Here was the justice system, Santa Rosa, 1908: A man's arrested for allegedly beating his wife and infant child. Yet when everyone appeared in court, the case was closed - because the husband told the judge he wouldn't allow his wife to testify against him. Um, was that even legal?

Probably so, amazingly. Like other states, California had inherited from common law the notion that a spouse couldn't testify for or against the other without permission. Many exceptions were added during the first decades of statehood, and it was clear by 1872 that it didn't apply when the testimony concerned a "crime committed by one against the other." (Legal scholars can find a history of the state's "for and against" laws here.)

But in this era, wife beating and child beating were considered morally reprehensible, yet not necessarily a crime. Partly this attitude was rooted in the common law principle of "chastisement" - that the master of a house actually had a right to physically "punish" members of the family as he saw fit (as long as there were no deaths or permanent injuries). Also, courts nationwide repeatedly ruled domestic violence was a private matter; in a 1874 decision by the North Carolina Supreme Court that was widely quoted by other jurists in following years, "...it is better to draw the curtain, shut out the public gaze, and leave the parties to forget and forgive." it wasn't until 1945 (!) that California declared it was a felony to inflict "cruel and inhumane corporal punishments or injury" to a wife or child.

With his wife unable to tell the court why "both she and the child were terribly bruised about the body and face," the husband called witnesses that testified that their 9 month-old baby was clumsy and always falling against chairs or the stove.
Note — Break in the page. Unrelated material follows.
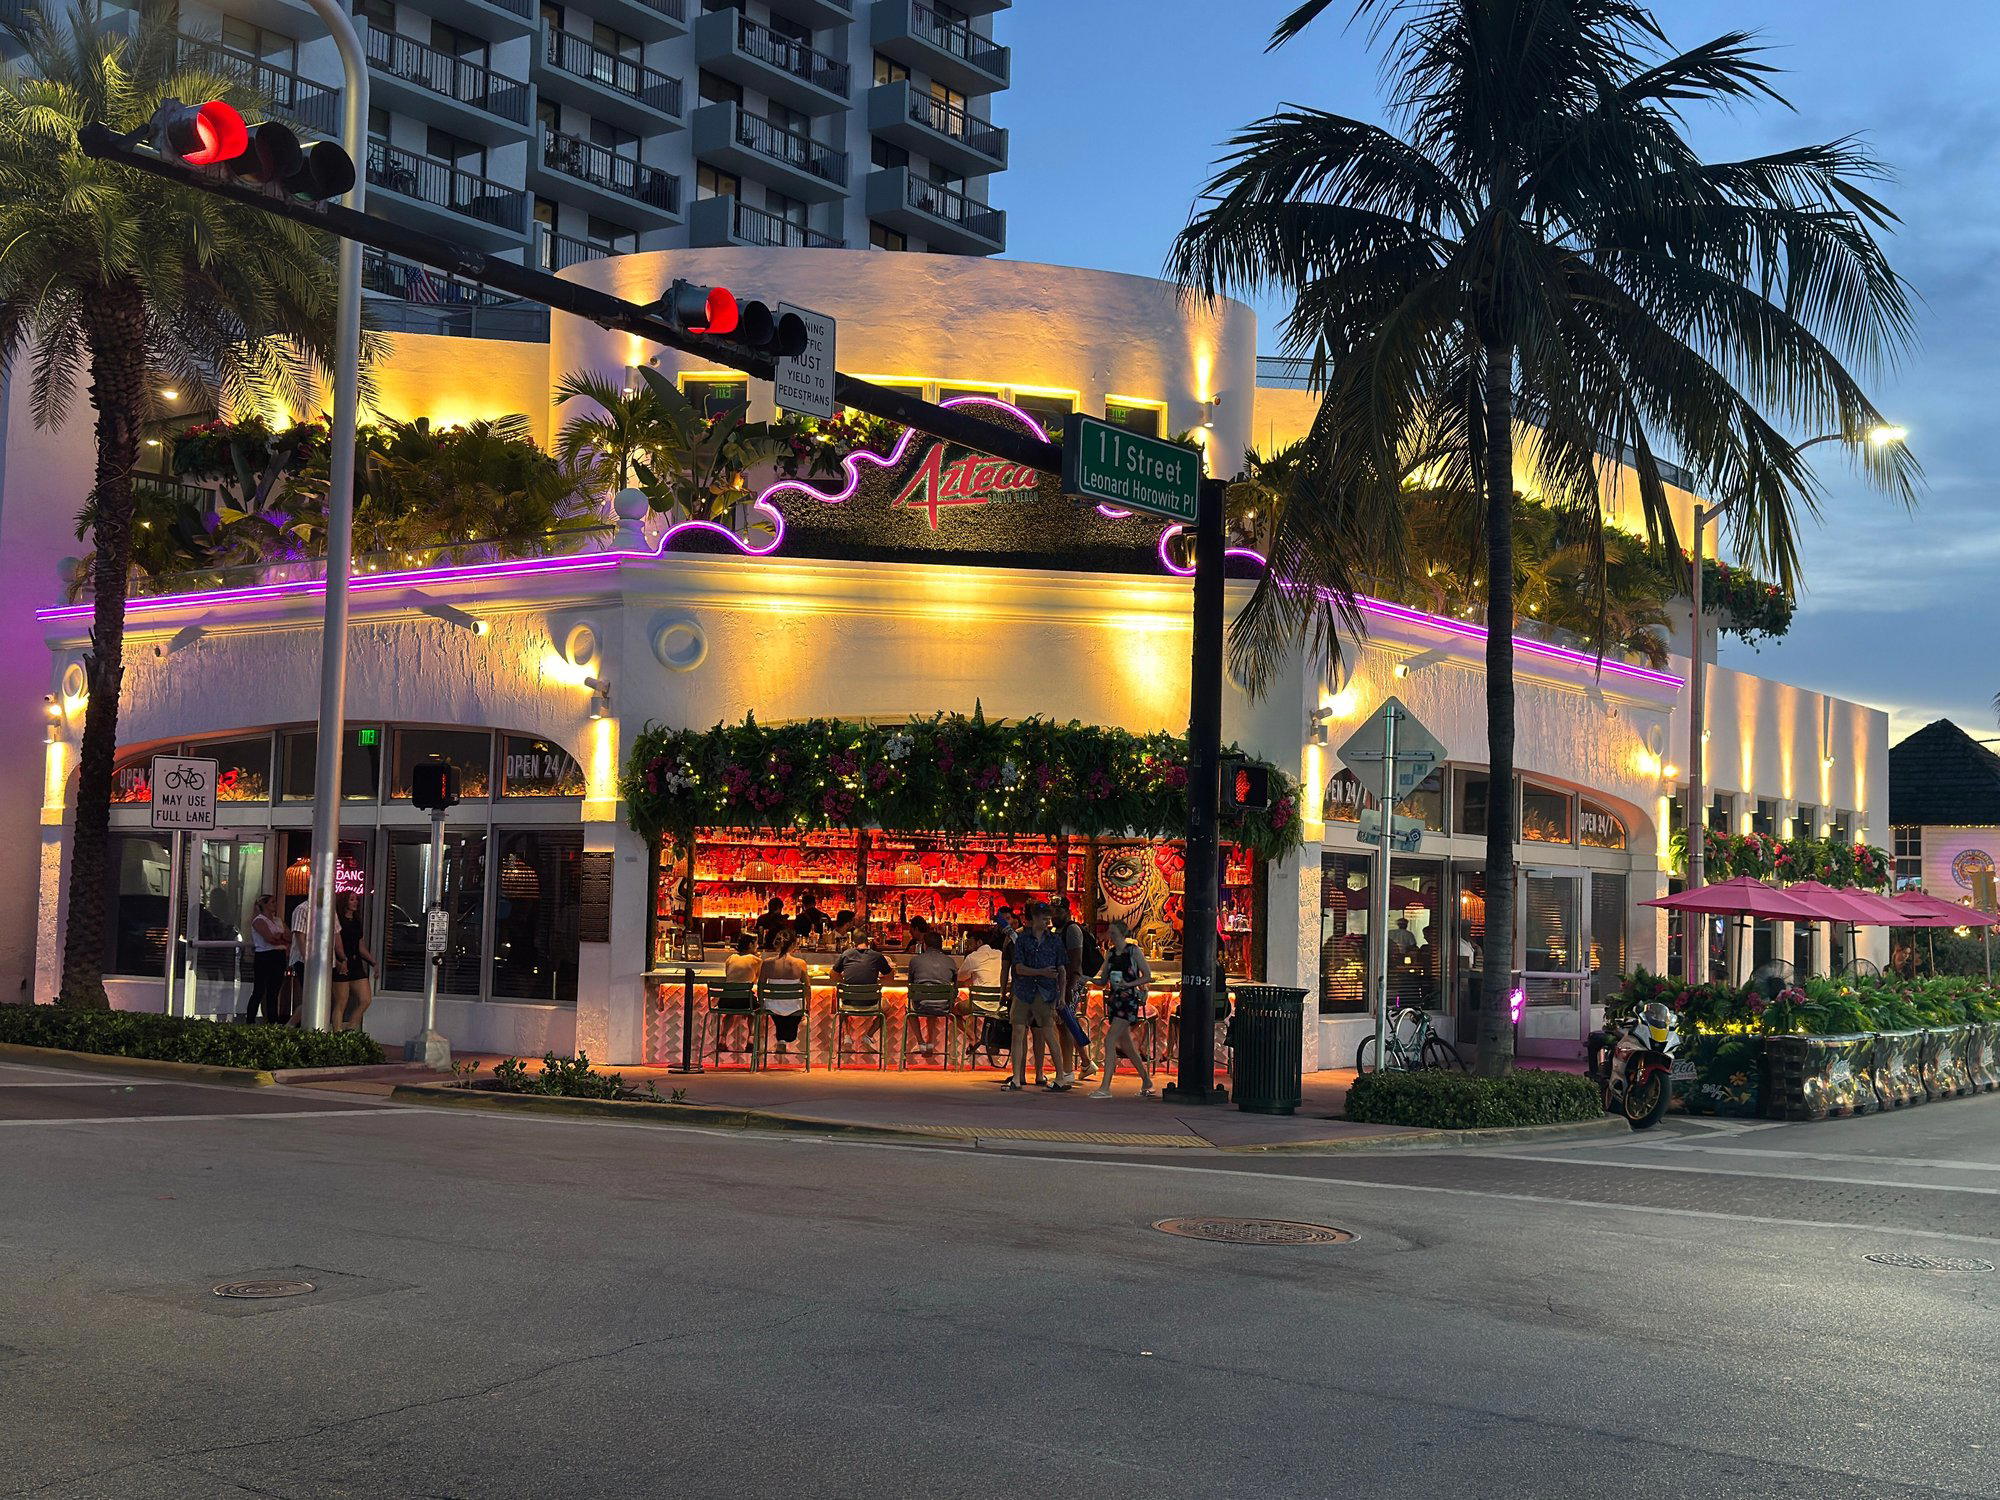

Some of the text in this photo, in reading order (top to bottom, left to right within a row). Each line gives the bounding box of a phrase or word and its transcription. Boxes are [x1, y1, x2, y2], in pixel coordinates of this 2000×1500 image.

Mr. Joseph Vagas was acquitted.

Then to add insult to very real injury, a relative of the husband visited the Press Democrat to attack the mother for the baby's condition (and her own, presumably) and to suggest "she did not produce evidence was because she had none to produce."
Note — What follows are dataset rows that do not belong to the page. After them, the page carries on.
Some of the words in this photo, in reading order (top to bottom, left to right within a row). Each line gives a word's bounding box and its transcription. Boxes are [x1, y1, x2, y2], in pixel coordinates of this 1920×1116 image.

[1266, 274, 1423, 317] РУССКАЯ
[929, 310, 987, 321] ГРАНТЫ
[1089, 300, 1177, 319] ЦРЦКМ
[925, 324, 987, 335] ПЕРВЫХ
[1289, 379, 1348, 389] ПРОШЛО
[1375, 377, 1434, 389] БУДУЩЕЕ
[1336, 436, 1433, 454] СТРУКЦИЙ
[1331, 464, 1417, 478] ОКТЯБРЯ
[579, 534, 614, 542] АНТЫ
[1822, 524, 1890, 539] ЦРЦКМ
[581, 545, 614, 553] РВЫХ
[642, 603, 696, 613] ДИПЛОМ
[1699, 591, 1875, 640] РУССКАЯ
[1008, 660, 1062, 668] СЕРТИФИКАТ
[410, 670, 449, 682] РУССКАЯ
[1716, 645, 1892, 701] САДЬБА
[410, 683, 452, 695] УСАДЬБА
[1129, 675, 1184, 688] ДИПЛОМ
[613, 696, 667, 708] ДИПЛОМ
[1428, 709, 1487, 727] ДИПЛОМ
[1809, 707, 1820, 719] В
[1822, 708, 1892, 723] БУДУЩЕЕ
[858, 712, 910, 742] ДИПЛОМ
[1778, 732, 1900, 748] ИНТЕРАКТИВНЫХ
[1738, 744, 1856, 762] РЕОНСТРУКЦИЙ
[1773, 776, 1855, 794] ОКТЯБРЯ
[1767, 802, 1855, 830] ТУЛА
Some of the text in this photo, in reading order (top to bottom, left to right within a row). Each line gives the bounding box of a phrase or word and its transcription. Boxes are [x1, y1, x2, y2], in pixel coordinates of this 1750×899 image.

This dismal story ends with a faint glimmer of hope for the abused Pearl Vagas: Two years later, she is listed in the census as unmarried, working as a housekeeper for the Frank Silva family in Petaluma. There was no mention of her child.



BEAT BABE AND MISTREATED HIS WIFE

Mrs. Pearl Vagas, the pretty little wife of the of the brutal fellow who was arrested for beating his nine-months-old babe and also his wife, was taken by the chief of police to Rev. F. T. Hopper of the Peniel Mission Friday night and placed in his care. She and the child were taken to the home of Mr. and Mrs. Warren Brentner, where the Hoppers reside, and there given the best of attention. Both she and the child were terribly bruised about the body and face, and were in a half starved and poorly clad condition. She told the people who befriended her a pitiful tale, and of how they were married in Petaluma, and the manner in which her husband has treated, or rather mistreated her since. She will be given shelter temporarily at the Bentner home until such time as she may be able to secure permanent quarters. In speaking of the trouble Friday night Mrs. Vagas stated that she would be glad to get a position where she could work for a living if she could only take her little babe along. She is quite a handsome little lady, and seems to have been given a very poor chance while tied to her brutal husband.

- Santa Rosa Republican, January 18, 1908


WIFE'S TONGUE TIED BY RULE OF COURT
Man Charged With Beating Child is Acquitted Because of Lack of Evidence

Joseph Vagas, charged with beating his infant child, escape conviction in Justice Atchinson's court Wednesday by invoking the rule of practice which prohibits a wife from testifying against her husband. There was no evidence to connect the child's injuries with his misconduct when the wife's testimony was barred, and he produced several witnesses who had known of the child being injured by falling against the stove and chairs in the house.

The prosecution was represented by...

A relative of the accused man called at the Press Democrat office and alleged that the child's mother had neglected it, and that she was to blame and not the father. He intimated that the reason why she did not produce evidence was because she had none to produce. The parties concerned are well known in Petaluma.